Segment Open

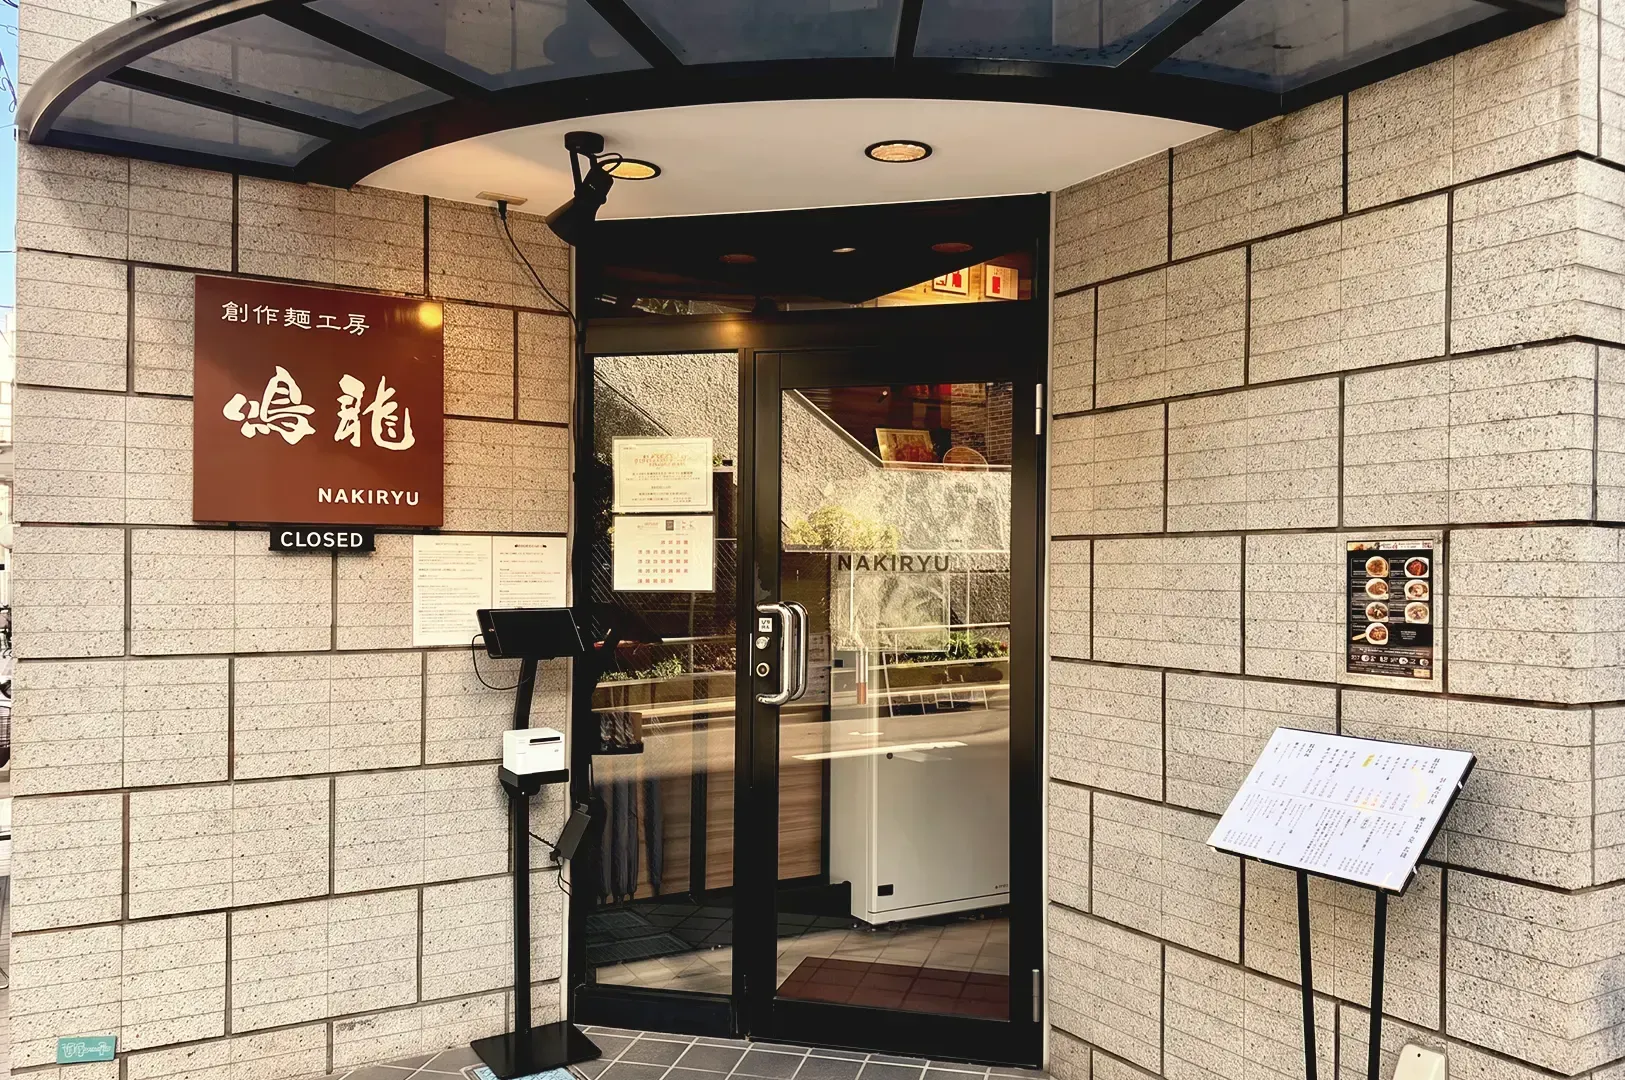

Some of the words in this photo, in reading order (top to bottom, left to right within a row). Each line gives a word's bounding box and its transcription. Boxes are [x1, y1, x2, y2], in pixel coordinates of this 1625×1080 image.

[221, 300, 370, 336] 創作麺工房
[222, 365, 416, 451] 鳴龍
[317, 487, 420, 506] NAKIRYU
[280, 530, 364, 548] CLOSED
[837, 554, 950, 572] NAKIRYU
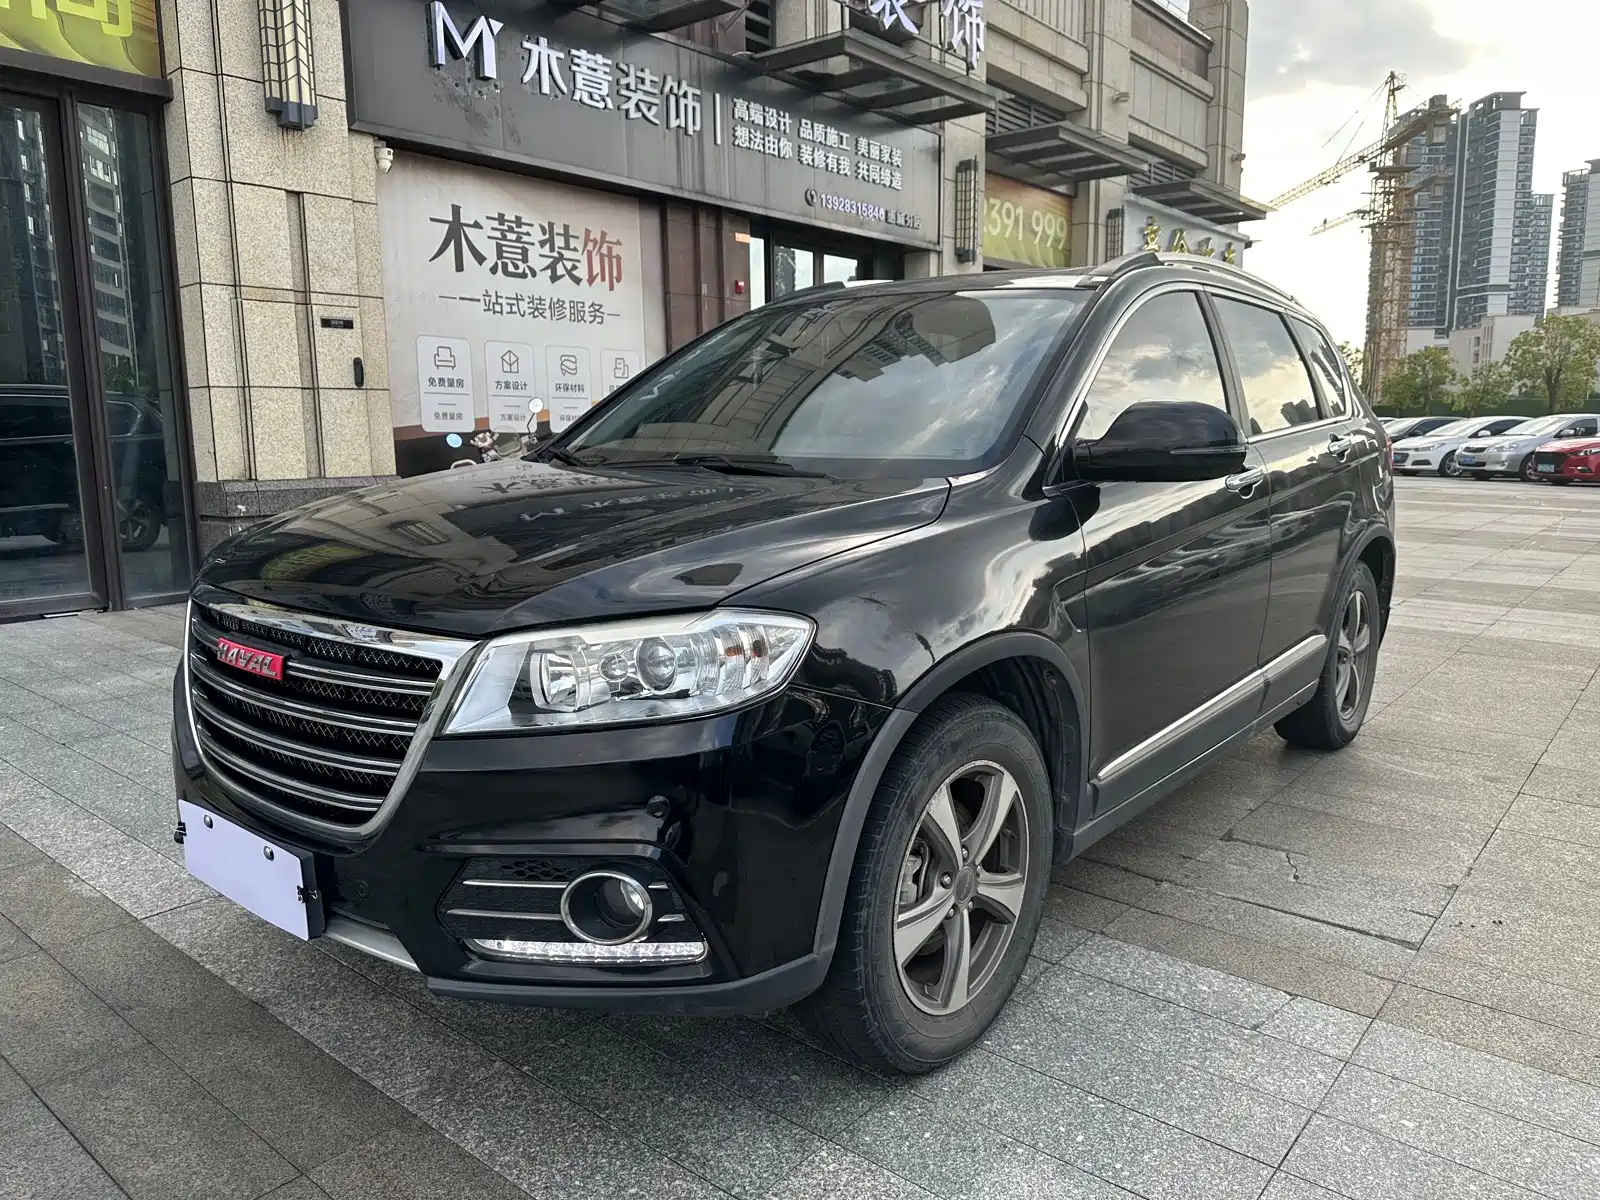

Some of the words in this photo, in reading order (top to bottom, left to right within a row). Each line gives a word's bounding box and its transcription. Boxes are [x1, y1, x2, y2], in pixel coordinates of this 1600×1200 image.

[519, 36, 702, 137] 木薏装饰
[733, 98, 793, 134] 高端设计
[799, 118, 851, 151] 品质施工
[856, 136, 903, 168] 美丽家装
[733, 125, 793, 160] 想法由你
[799, 144, 851, 176] 装修有我
[856, 160, 903, 191] 共同缔造
[428, 203, 623, 292] 木薏装饰
[1031, 209, 1067, 250] 999
[427, 376, 465, 389] 免费量房
[494, 380, 529, 392] 方案设计
[554, 382, 585, 394] 环保材料
[433, 411, 463, 421] 免费量房
[499, 413, 528, 423] 方案设计
[216, 641, 277, 677] HAVAL
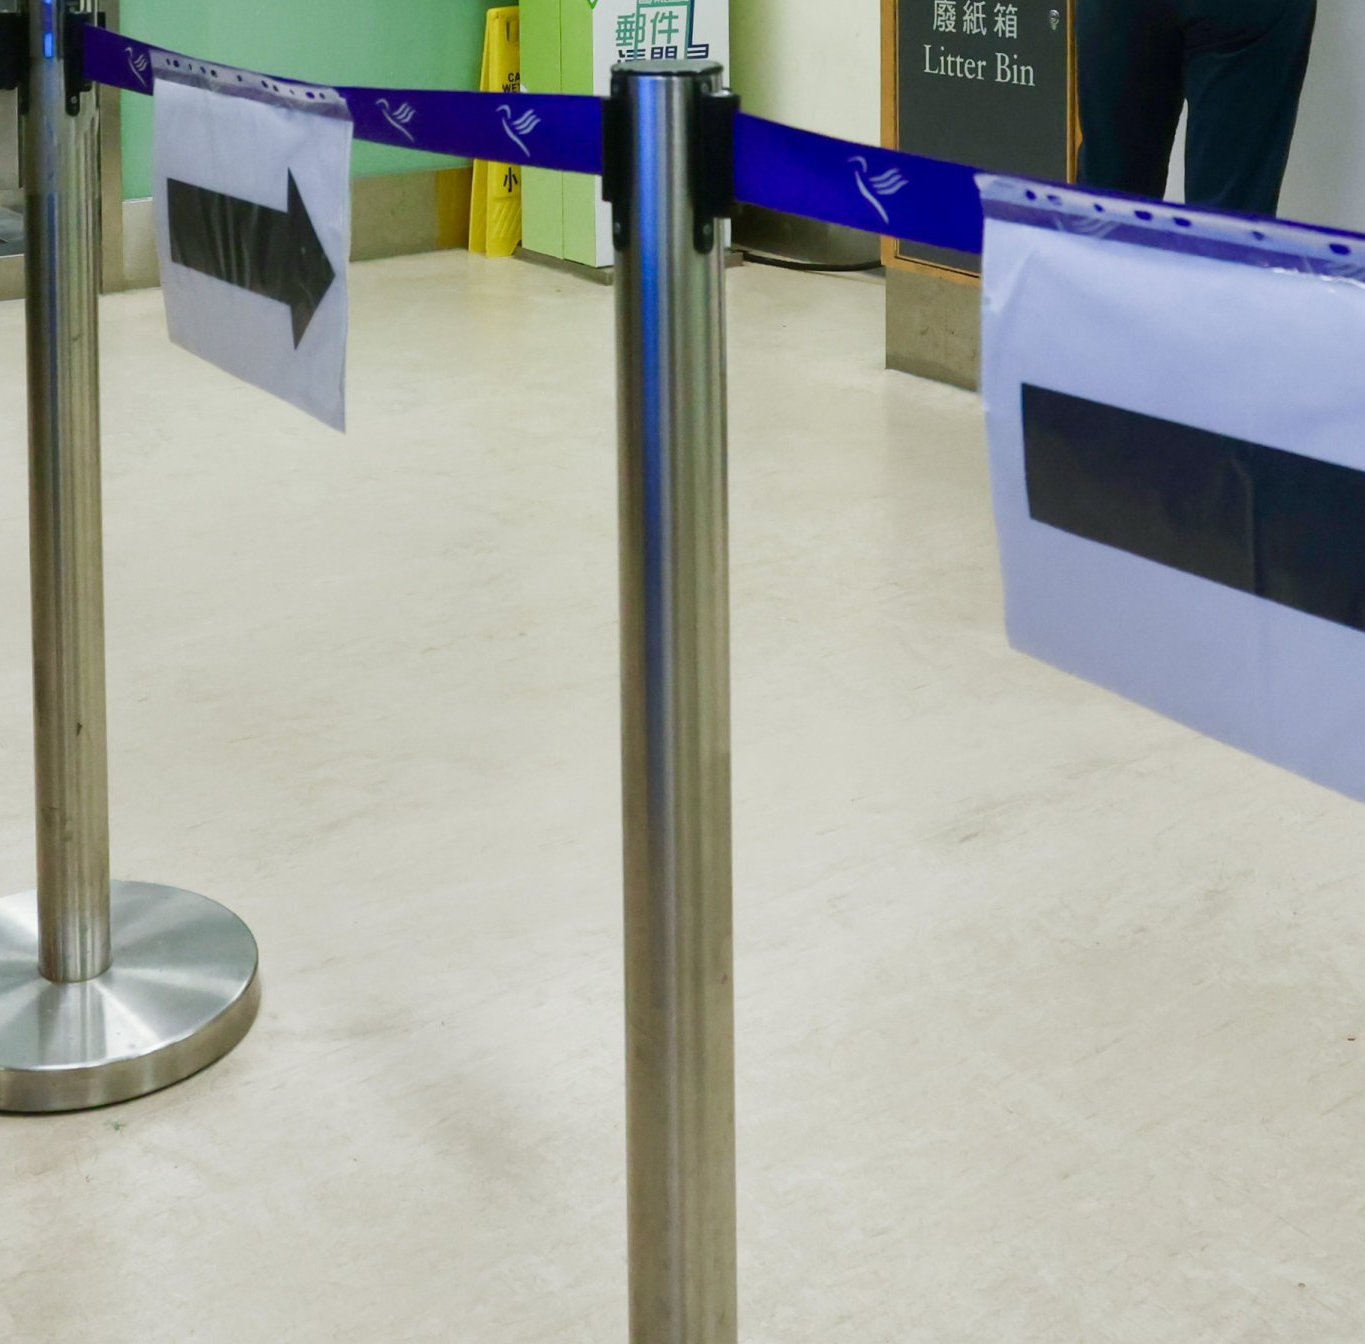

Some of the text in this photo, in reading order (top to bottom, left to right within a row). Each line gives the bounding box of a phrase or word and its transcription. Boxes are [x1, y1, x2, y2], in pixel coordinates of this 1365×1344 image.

Segment Closed

_How to complete this task_.
Transcribe the complete set of entries verbatim. No pictures belong in the copy.

_Result of this task_.
Some of the words in this photo, in reading order (top to bottom, left to right within a row). Each line gives a word's bounding box and its transcription. Boxes are [x1, y1, x2, y2], in pixel coordinates of this 1625×1080 image.

[221, 300, 370, 336] 創作麺工房
[222, 365, 416, 451] 鳴龍
[317, 487, 420, 506] NAKIRYU
[280, 530, 364, 548] CLOSED
[837, 554, 950, 572] NAKIRYU

Some of the words in this photo, in reading order (top to bottom, left to right within a row). Each line gives a word's bounding box and its transcription. Boxes are [x1, y1, x2, y2], in pixel coordinates of this 1600×1200 image.

[519, 36, 702, 137] 木薏装饰
[733, 98, 793, 134] 高端设计
[799, 118, 851, 151] 品质施工
[856, 136, 903, 168] 美丽家装
[733, 125, 793, 160] 想法由你
[799, 144, 851, 176] 装修有我
[856, 160, 903, 191] 共同缔造
[428, 203, 623, 292] 木薏装饰
[1031, 209, 1067, 250] 999
[427, 376, 465, 389] 免费量房
[494, 380, 529, 392] 方案设计
[554, 382, 585, 394] 环保材料
[433, 411, 463, 421] 免费量房
[499, 413, 528, 423] 方案设计
[216, 641, 277, 677] HAVAL

Some of the text in this photo, in reading order (top to bottom, left to right within a row). Each line gives the bounding box of a phrase or word and its transcription. Boxes are [x1, y1, x2, y2], in pixel coordinates of this 1365×1344 image.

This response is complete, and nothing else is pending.